The Brazilian Lion’s Next Tax Bite

Brazil is well known in the global business sector for its tax complexity, heavy tax burden (around 35% of GDP) and high use of technology for tax collection. Not for nothing do Brazilians call their tax authority—Receita Federal do Brasil—“the Lion.”



In the middle of the current budget crisis, the Lion is preparing to take a huge bite out of the biggest manufacturing companies. From January 2016, firms will have to declare digitally—in detail, every month—their volume of inventory stocks and to reveal their production processes and the formula of each of their products. The requirement is known as the new “Block K” declaration.

Since the mid-1990s, fiscal austerity has forced fast and furious changes in federal tax management practices. For the business sector it started with the digital tax return and was followed by the rule that companies issue electronic invoices for supply acquisition and final product sales.
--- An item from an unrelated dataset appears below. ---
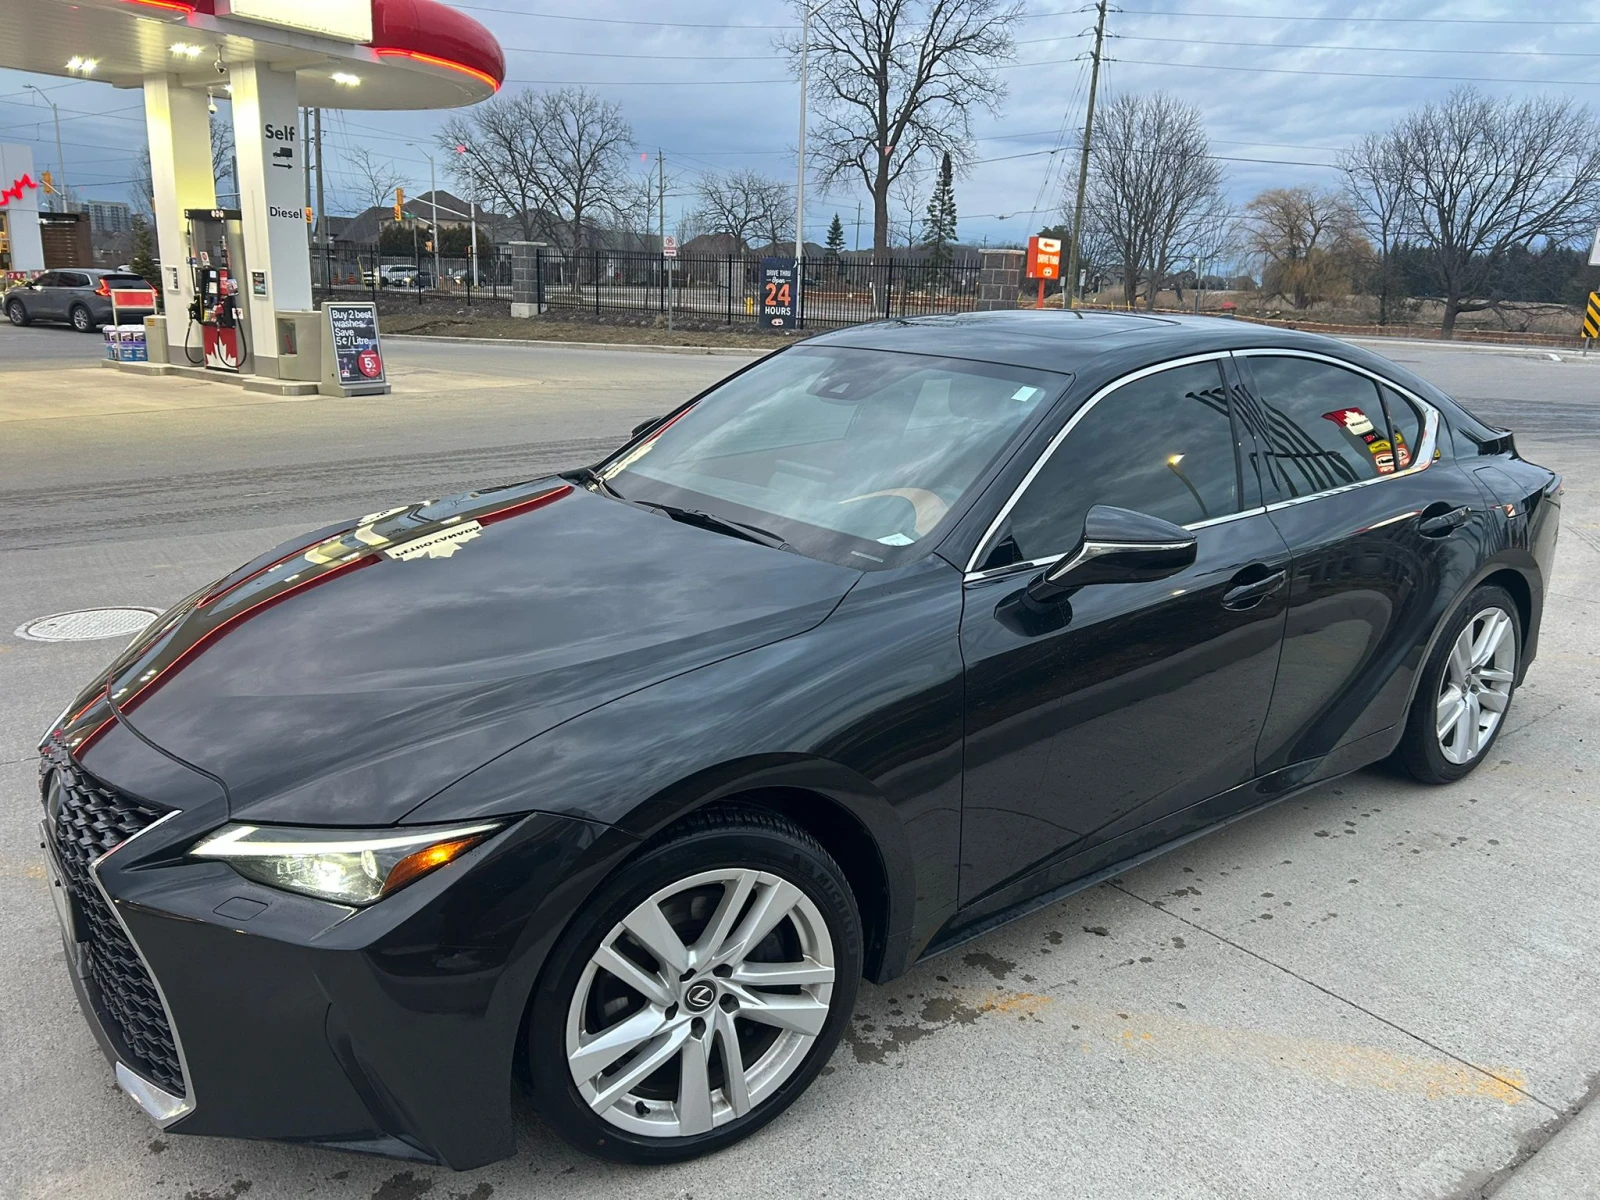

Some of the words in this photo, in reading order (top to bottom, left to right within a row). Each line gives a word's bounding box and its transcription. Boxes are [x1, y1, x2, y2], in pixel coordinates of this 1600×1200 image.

Now, the Lion wants to close the loophole for a common tax dodge: evading taxes by failing to create electronic invoices for such operations.The Brazilian tax office defends the move as a way to better audit companies’ accounting practices and improve collection of the Industrialized Products Tax (IPI) and the state-managed Merchandise and Services Circulation Tax (ICMS), a kind of sales tax.

In the current era of fiscal crises and corruption scandals, the Brazilian government cannot waste a single cent—or close its eyes to tax fraud. But as a gesture of goodwill, the tax office decided last October to phase in the new Block K requirements gradually. First, only manufacturing companies with annual revenue of 300 million real ($79 million) or more must make the Block K declaration. In January 2017, industrial firms with more than 78 million real in revenues will be required to comply with the new regulations, and in January 2018, the remainder of manufacturing companies, some wholesale trade and stores will be treated like industries for tax purposes.

“Brazil has set the benchmark on digital tax collection, and this explains why I’ve never heard about so detailed and complex a tax declaration as Block K,” said Edinilson Apolinario, tax executive director of the National Association of Executives in Finance, Administration and Accounting and a tax partner at PwC Brazil.

According to Dennis Mattos, indirect tax manager for consulting firm Grant Thornton Brasil, most companies targeted by the Lion tried, without success to date, to stop or postpone the Block K rules through litigation. Now, they are racing against time to meet their new tax obligations, which will involve investing in software, professional help and more human resources against a backdrop of economic recession.